(Saved data entries)
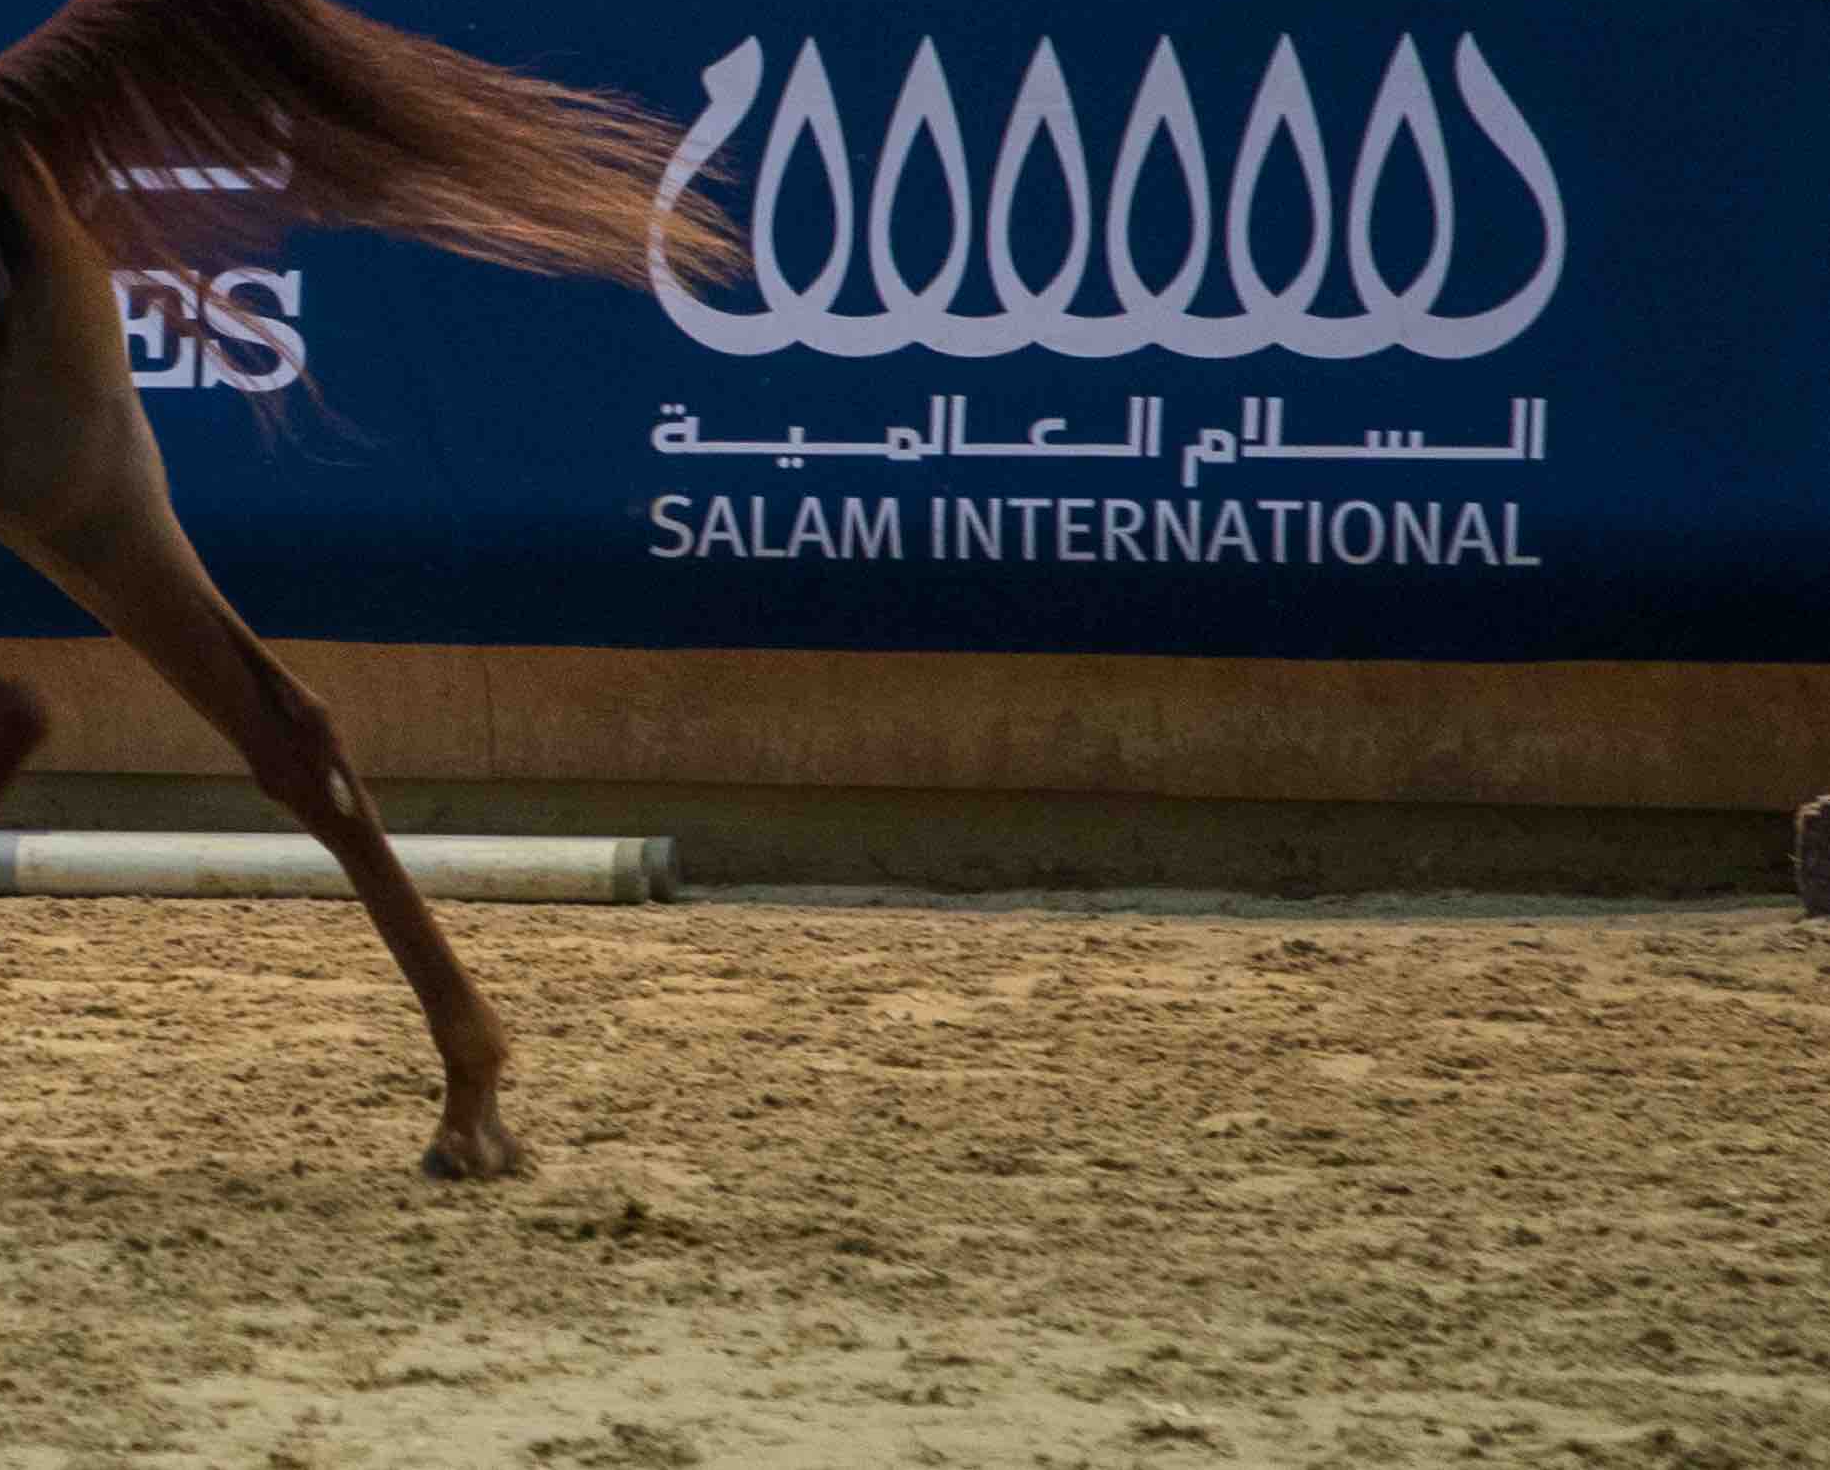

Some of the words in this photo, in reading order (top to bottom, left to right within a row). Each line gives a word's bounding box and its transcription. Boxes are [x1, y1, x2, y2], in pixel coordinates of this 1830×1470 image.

[650, 394, 1164, 470] العالمية
[1180, 396, 1548, 489] السلام
[648, 494, 904, 560] SALAM
[930, 496, 1542, 567] INTERNATIONAL
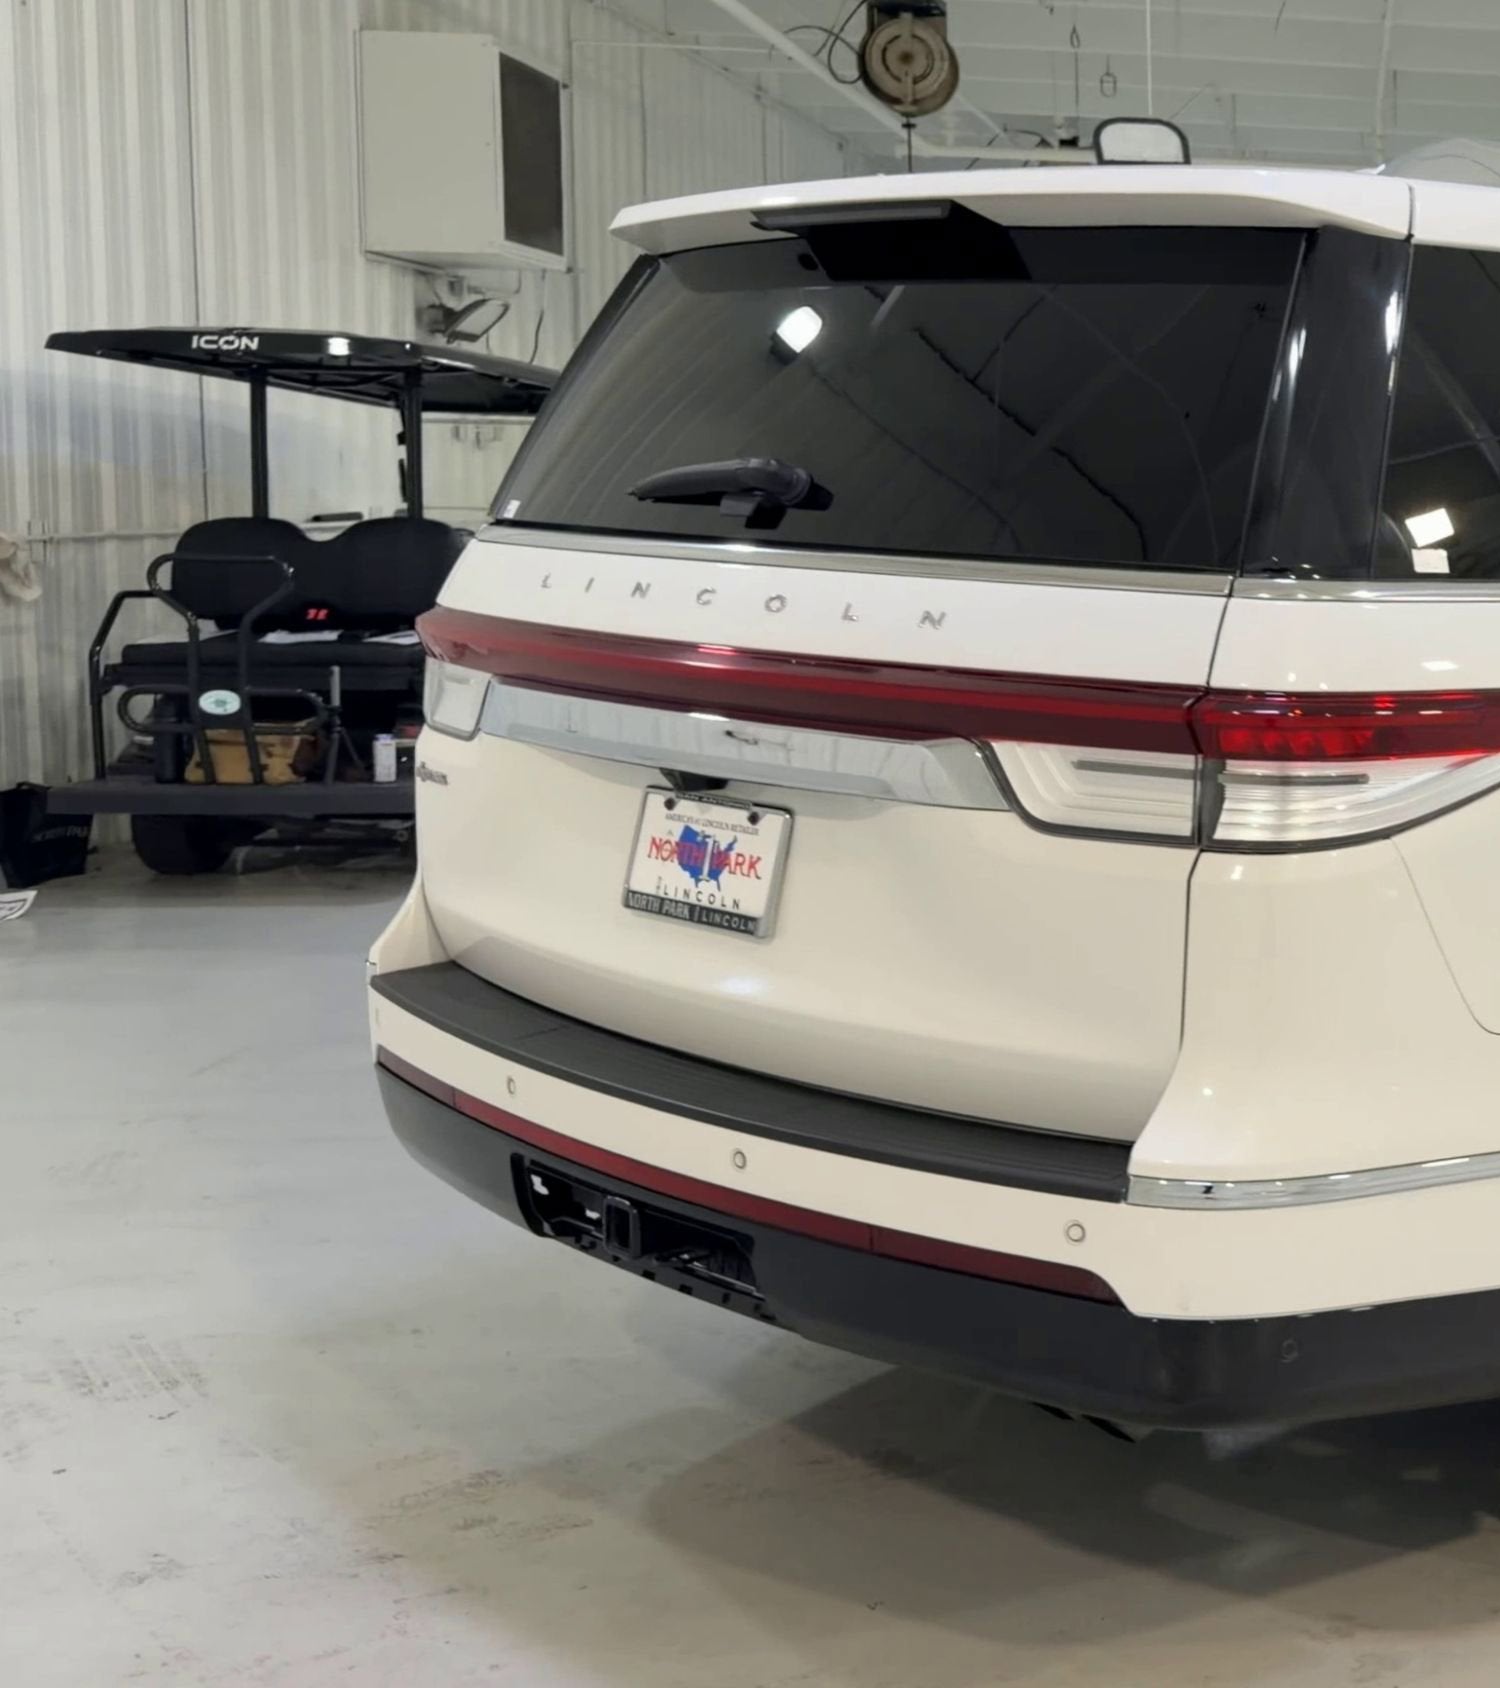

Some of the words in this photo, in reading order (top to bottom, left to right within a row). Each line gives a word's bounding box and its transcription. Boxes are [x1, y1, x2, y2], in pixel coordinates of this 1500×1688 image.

[191, 335, 259, 350] ICON
[541, 572, 946, 629] LINCOLN
[628, 892, 660, 911] NORTH
[662, 898, 690, 919] PARK
[701, 911, 755, 931] LINCOLN
[664, 884, 740, 909] LINCOLN

* INSTRUCTIONS FOR THE TASK: Drop the pictures and reproduce the rest of the entries above exactly.

* WRITTEN SOLUTION:
Some of the words in this photo, in reading order (top to bottom, left to right within a row). Each line gives a word's bounding box and its transcription. Boxes are [x1, y1, x2, y2], in pixel coordinates of this 1830×1470 image.

[650, 394, 1164, 470] العالمية
[1180, 396, 1548, 489] السلام
[648, 494, 904, 560] SALAM
[930, 496, 1542, 567] INTERNATIONAL

Some of the words in this photo, in reading order (top to bottom, left to right within a row). Each line gives a word's bounding box and its transcription. Boxes are [x1, y1, x2, y2], in pixel coordinates of this 1500×1688 image.

[191, 335, 259, 350] ICON
[541, 572, 946, 629] LINCOLN
[628, 892, 660, 911] NORTH
[662, 898, 690, 919] PARK
[701, 911, 755, 931] LINCOLN
[664, 884, 740, 909] LINCOLN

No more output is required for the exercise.